Read about traditional British meals

English Breakfast

In the morning an Englishman has his favourite breakfast of cornflakes with milk and sugar or porridge followed by fried bacon and eggs. Breakfast is generally a bigger meal than they have on the Continent. Some marmalade might be spread on the toast and butter. Perhaps some fruit will also be eaten. For a change one can have cold ham, or perhaps fish, some coffee and a roll.


The main meal of the day is called dinner. Dinner is eaten either in the middle of the day or in the evening. If it is eaten in the evening (about 7 pm), the midday meal is called lunch (about 1 pm).
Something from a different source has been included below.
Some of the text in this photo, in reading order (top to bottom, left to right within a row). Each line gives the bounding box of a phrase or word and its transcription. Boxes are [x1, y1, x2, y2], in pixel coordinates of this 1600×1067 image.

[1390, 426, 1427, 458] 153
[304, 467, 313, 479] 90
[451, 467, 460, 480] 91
If dinner is in the middle of the day, the evening meal is called supper.

The usual midday meal consists of two courses – a meat course accompanied by plenty of vegetables. After it comes a sweet pudding or some stewed fruit.

Most Englishmen like what they call good plain food. Usually they have beefsteaks, chops, roast beef and fried fish and chips. They are not overfond of soup, remarking that it leaves them without free room for the more important meat course.

Afternoon Tea

Afternoon tea one can hardly call a meal. This may mean a cup of tea and a cake taken in the sitting-room or at work. For many Englishmen it is a social occasion when people often come in for a chat over their cup of tea. But some people like to have the so-called ‘high tea’ which is quite a substantial meal. They have it between five and six o’clock. In a well-to-do family it will consist of ham, tongue and tomatoes and salad, or kipper, or tinned salmon, or sausage, with strong tea, bread and butter, then, stewed fruit, or a tin of pears, apricot or pineapple with cream and custard, and pastries, or a bun.
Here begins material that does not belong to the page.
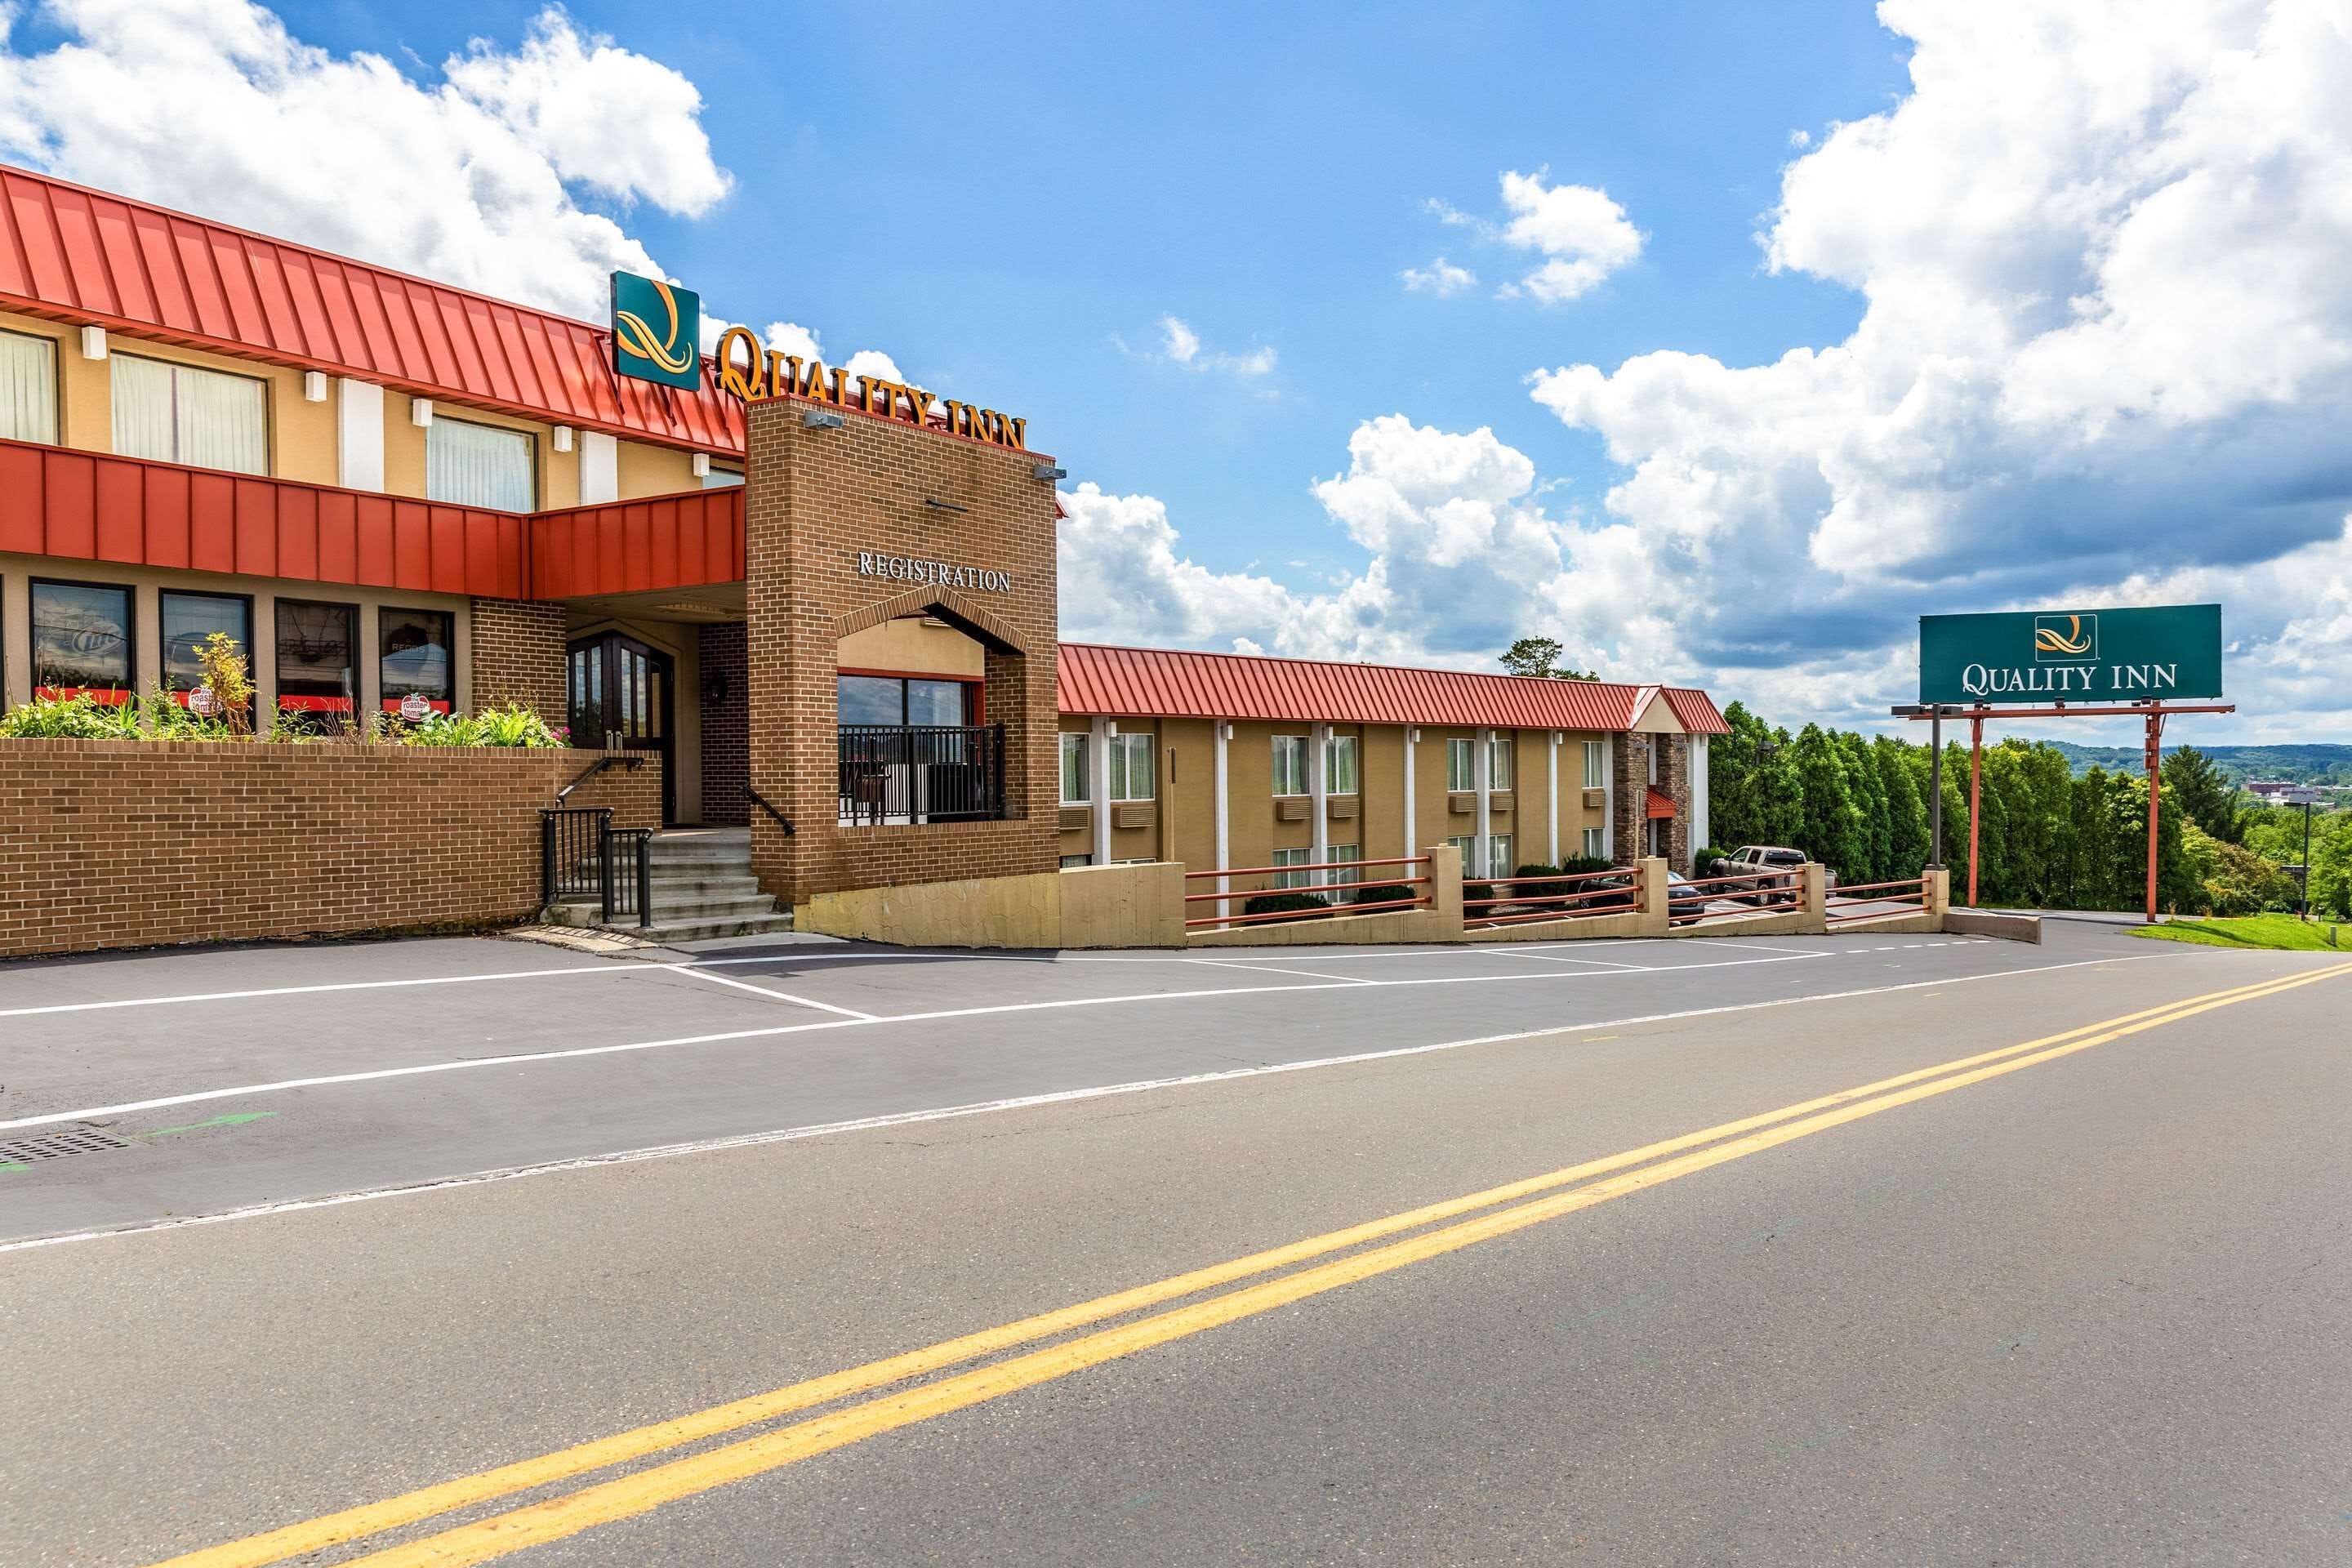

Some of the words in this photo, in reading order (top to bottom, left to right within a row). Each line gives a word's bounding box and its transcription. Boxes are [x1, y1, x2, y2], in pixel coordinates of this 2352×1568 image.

The evening meal goes under various names: tea, ‘high tea’, dinner or supper (as we have mentioned already) depending upon its size and the social position of those eating it.

Christmas Pudding

It is well-known that every national cuisine has got its famous specialties. It isn’t possible to imagine some holidays and celebrations without them. For example, Christmas Pudding for British cuisine means very much. Some English could dispense with the turkey and goose, but a Christmas dinner in Britain without a traditional Christmas pudding would be strange indeed!
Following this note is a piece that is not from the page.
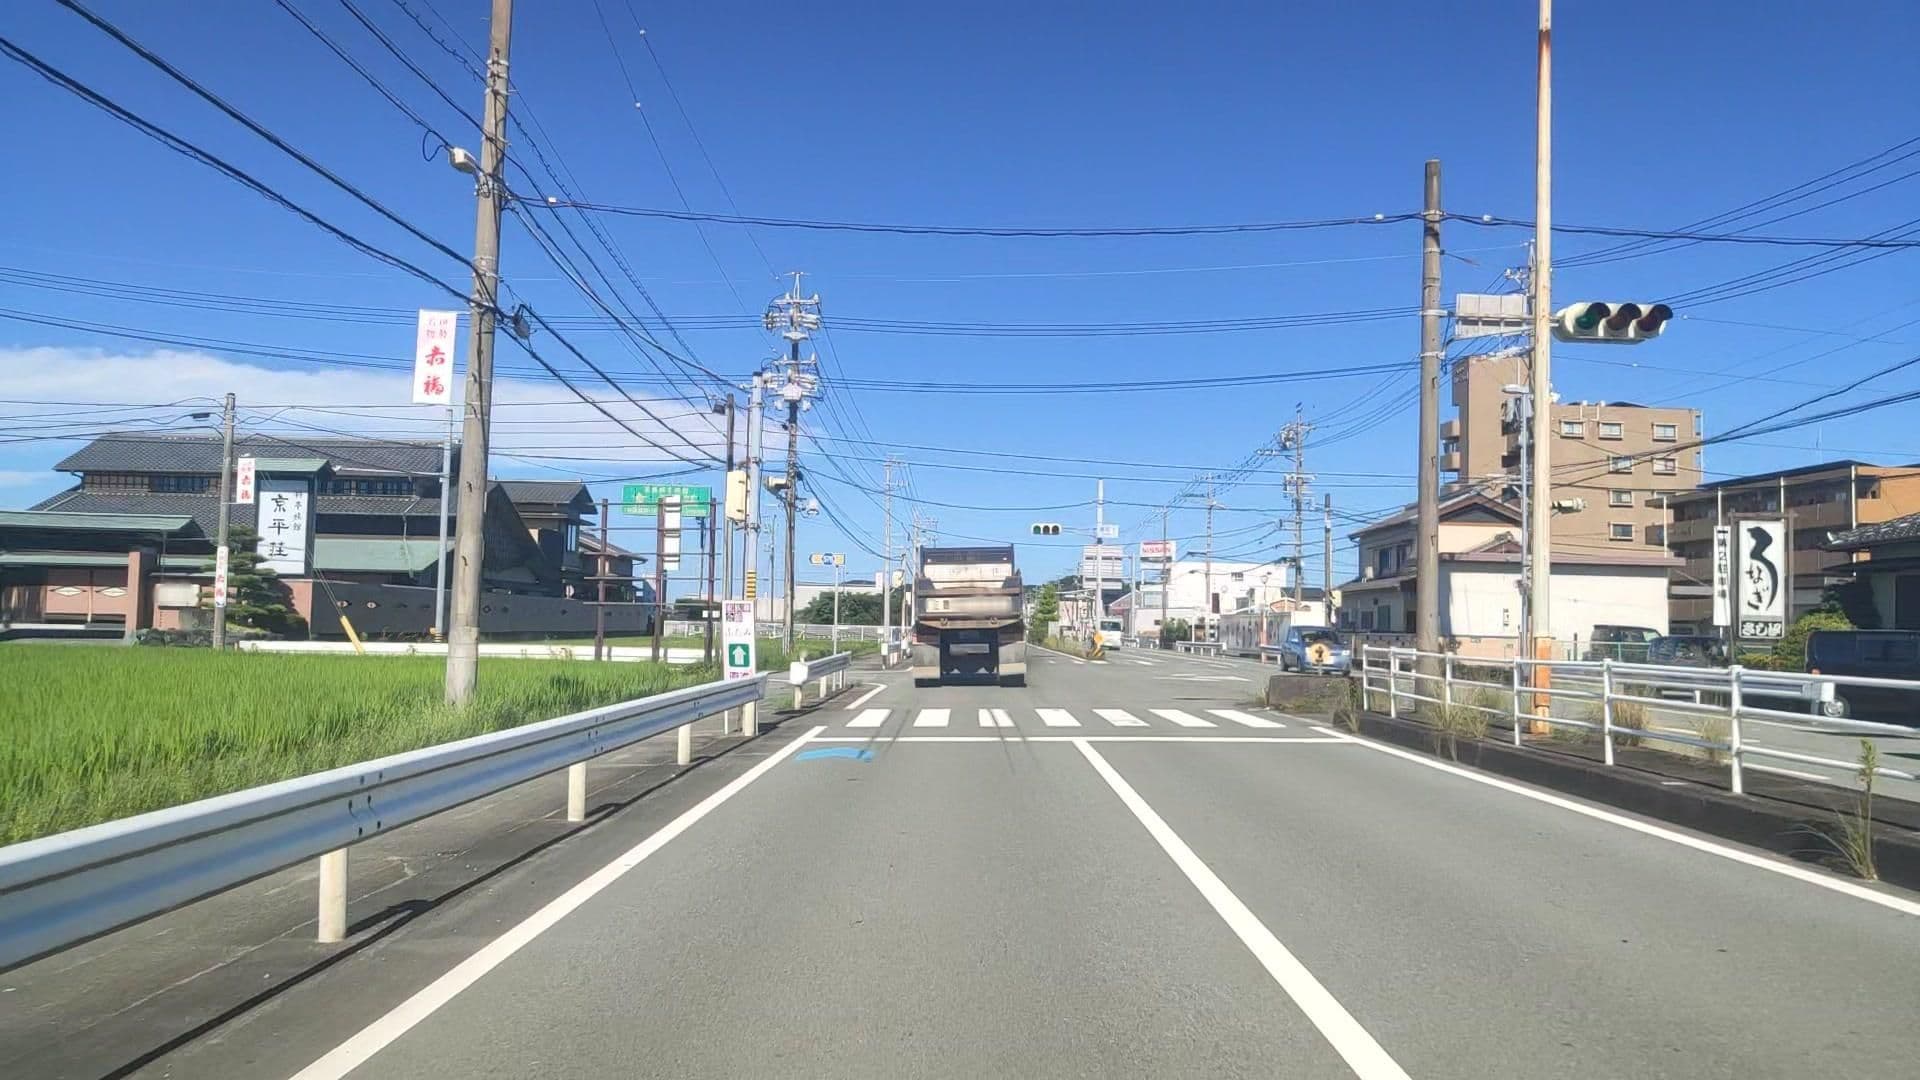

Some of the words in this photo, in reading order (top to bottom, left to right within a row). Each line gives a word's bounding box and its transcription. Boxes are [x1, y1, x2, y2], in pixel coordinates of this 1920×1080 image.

[268, 494, 289, 557] 京平荘
[1745, 526, 1778, 610] うなぎ
The Christmas pudding is a direct descendant of the old time plum porridge, beloved by English people in the Middle Ages.

Nowadays, in addition to the basic mixture of flour, bread-crumbs and eggs, the ingredients of Christmas pudding include raisins, currants, candied peel, chopped almonds and walnuts, grated carrot and a good measure of brandy, whisky or old ale.

In many households the mixing of the pudding is quite a ceremony with all the members of the family taking turns to stir and make a whisk.

After being boiled for several hours, the pudding is stored until the time comes for heating it on Christmas Day when it is brought to the table on a large dish, big, round and dark-brown. The Christmas pudding is covered with white sauce burning in brandy.

Receiving each slice, the guests are warned to eat carefully because sixpenny bits, shillings, a tiny silver bell and a silver horseshoe have been put in it. Those who find the ‘treasure’ are supposed to have money in the coming year, whoever gets the bell is to be married and the horse-shoe is the traditional sign of good luck.